Evaluation of Medically Actionable Genes in 6,045 Whole Genome Sequencing Data from the Qatar Genome Projects

Introduction

The American College of Medical Genetics (ACMG) identified 59 genes in which incidental findings of medically actionable pathogenic variants is recommended to be reported. The prevalence of these variants from Arab and other Middle Eastern populations is still lacking. The Qatar Genome Program (QGP), which is a large, population-based whole genome sequencing project with comprehensive phenotypic information, allowed us to identify and analyse the medically actionable variants in these genes in the Qatari population.

Materials and Methods

We used data from 6,045 whole genomes from the QGP and integrated it with phenotypic data collected by the Qatar Biobank.

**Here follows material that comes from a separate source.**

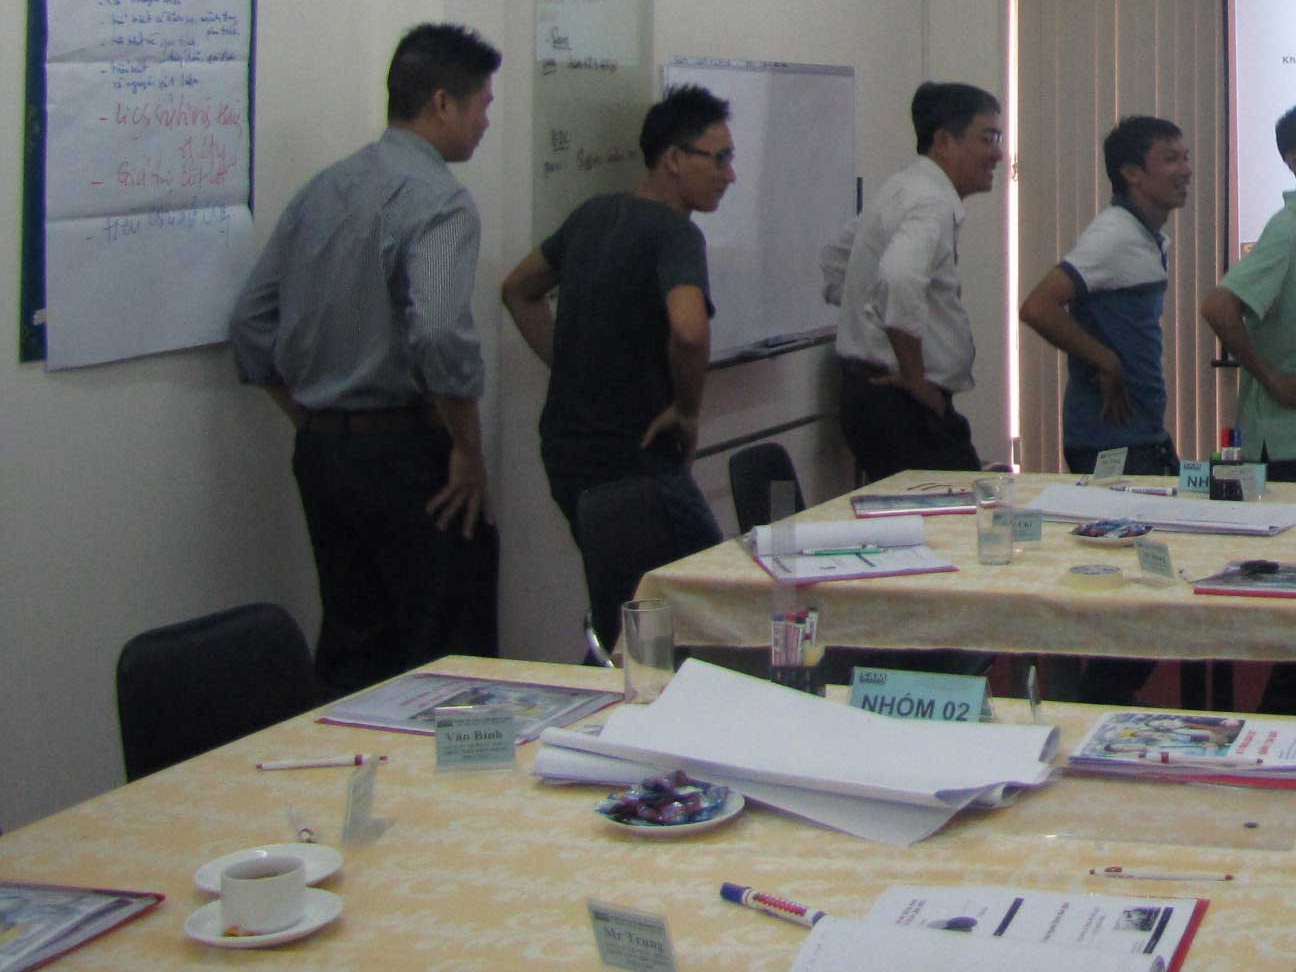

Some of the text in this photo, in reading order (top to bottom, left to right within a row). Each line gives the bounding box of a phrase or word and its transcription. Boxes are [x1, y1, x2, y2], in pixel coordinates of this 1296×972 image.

We identified known pathogenic and likely pathogenic variants based on ClinVar and the Human Gene Mutation Database professional entries. Additionally, we identified novel variants, assessed their phenotypic associations, and functionally characterized two novel variants in zebrafish.

Results

We identified a total of 60 pathogenic and likely pathogenic variants in 25 ACMG genes in 141 individuals. Overall, 2.3% of the QGP-sequenced participants carried a pathogenic or likely pathogenic variant in one of the 59 ACMG genes. We found 74 novel, potentially pathogenic variants. We prioritized two novel candidate cardiovascular variants, DSP c.1841A>G (p.Asp614Gly) and LMNA c.326T>G (p.Val109Gly) for functional characterization. Our results showed that both variants resulted in abnormal zebrafish heart structure, heart rate and rhythm.

Conclusion

The prevalence of known medically actionable variants in the Qatari population is slightly higher than in other populations. There is a comparable number of predicted pathogenic novel variants. We confirmed the pathogenicity of two novel variants in zebrafish.